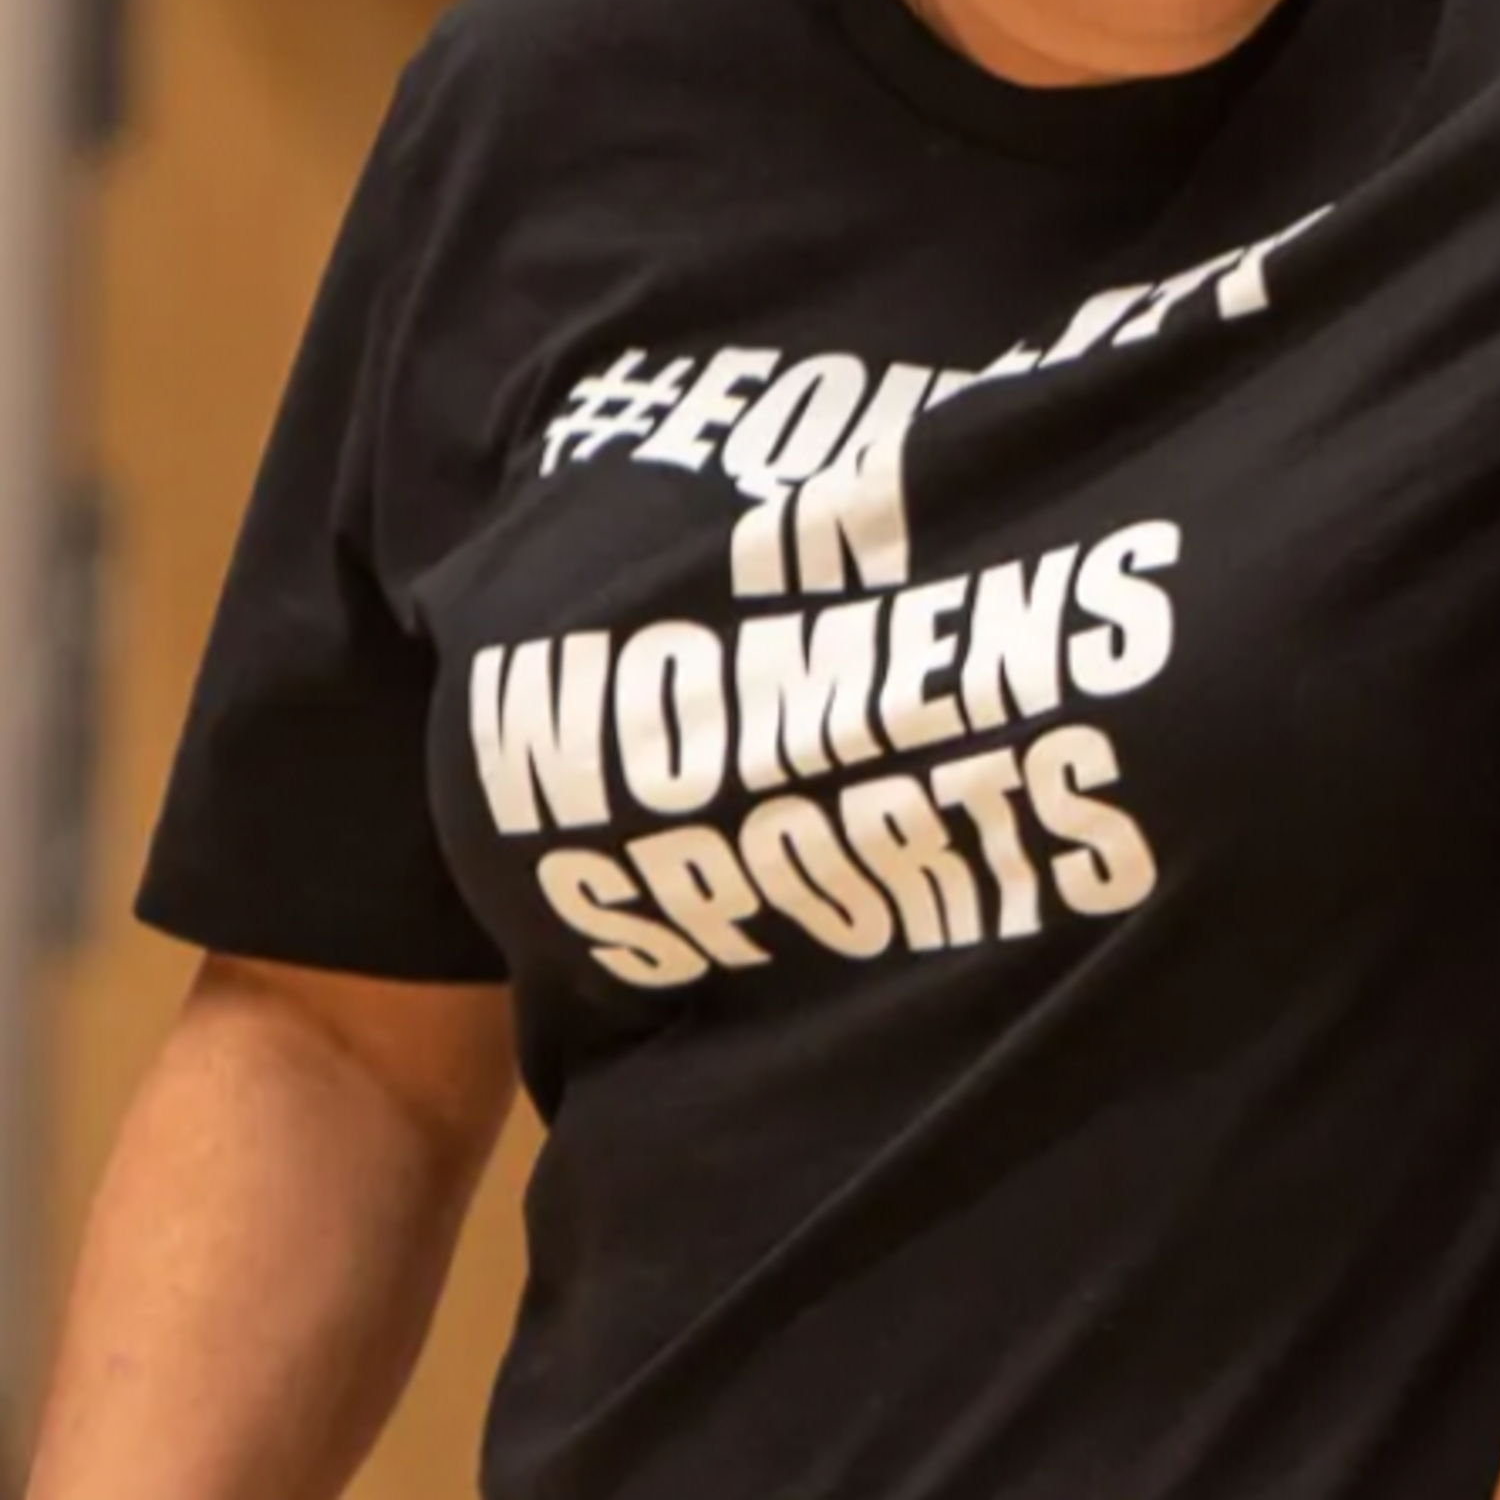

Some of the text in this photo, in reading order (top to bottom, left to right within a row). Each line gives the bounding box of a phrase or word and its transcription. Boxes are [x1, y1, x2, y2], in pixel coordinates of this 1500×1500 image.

[538, 204, 1334, 500] #EQITY
[731, 445, 911, 598] IN
[468, 518, 1182, 836] WOMENS
[536, 724, 1157, 988] SPORTS
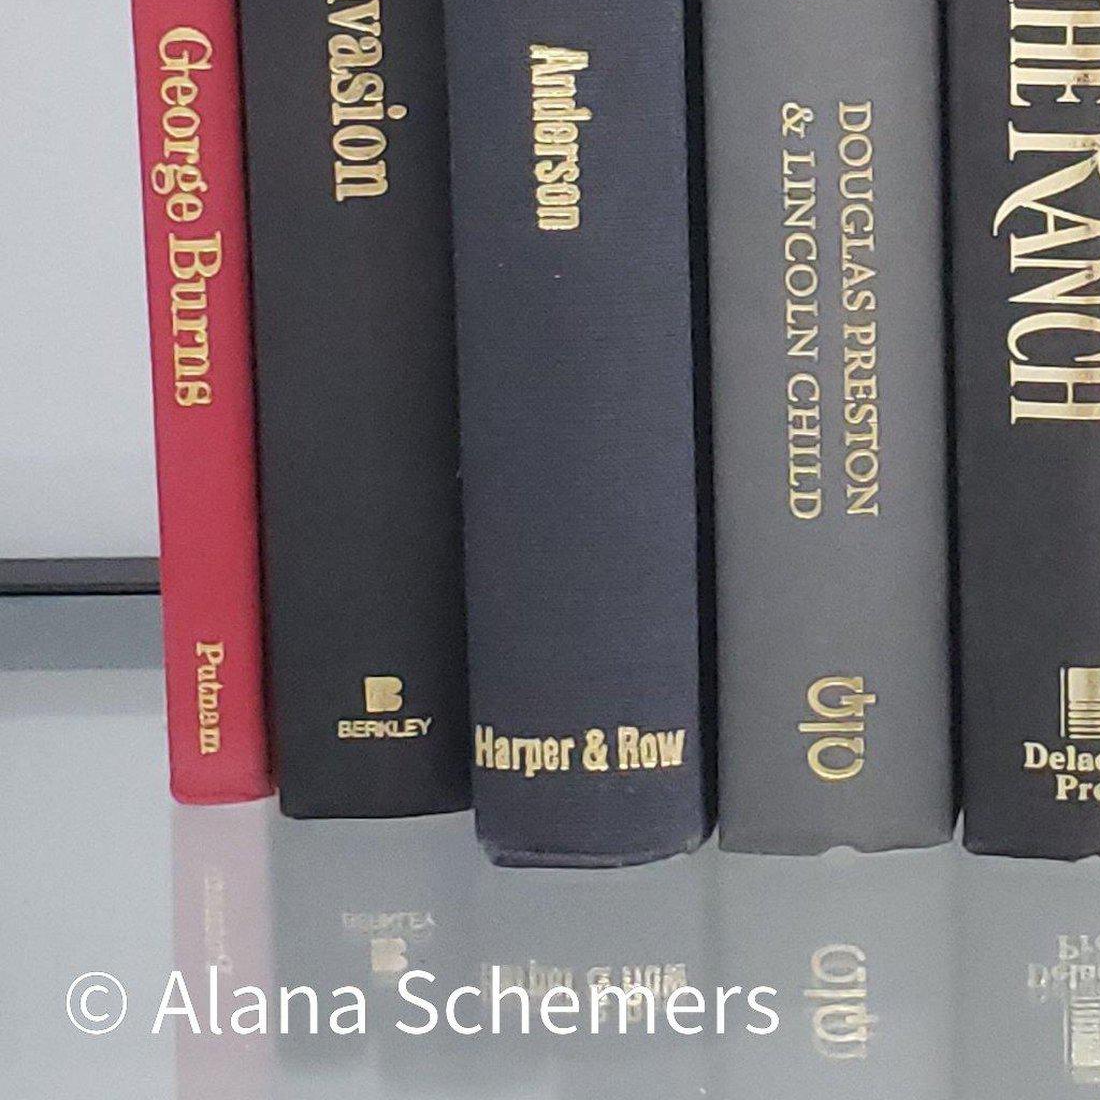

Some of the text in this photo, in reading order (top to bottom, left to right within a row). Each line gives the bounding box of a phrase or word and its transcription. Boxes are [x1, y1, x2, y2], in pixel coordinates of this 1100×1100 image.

[150, 26, 222, 407] George Burns
[529, 44, 592, 231] Anderson
[781, 102, 822, 520] & LINCOLN CHILD
[838, 101, 880, 517] DOUGLAS PRESTON
[195, 642, 224, 755] Putnam
[337, 717, 432, 739] BERKLEY
[475, 724, 686, 778] Harper & Row

**EXERCISE INSTRUCTIONS**
Print every line above exactly. Leave the pictures out.

**YOUR SOLUTION**
Some of the text in this photo, in reading order (top to bottom, left to right within a row). Each line gives the bounding box of a phrase or word and its transcription. Boxes are [x1, y1, x2, y2], in pixel coordinates of this 1500×1500 image.

[538, 204, 1334, 500] #EQITY
[731, 445, 911, 598] IN
[468, 518, 1182, 836] WOMENS
[536, 724, 1157, 988] SPORTS

Some of the text in this photo, in reading order (top to bottom, left to right within a row). Each line gives the bounding box of a phrase or word and its transcription. Boxes are [x1, y1, x2, y2], in pixel coordinates of this 1100×1100 image.

[150, 26, 222, 407] George Burns
[529, 44, 592, 231] Anderson
[781, 102, 822, 520] & LINCOLN CHILD
[838, 101, 880, 517] DOUGLAS PRESTON
[195, 642, 224, 755] Putnam
[337, 717, 432, 739] BERKLEY
[475, 724, 686, 778] Harper & Row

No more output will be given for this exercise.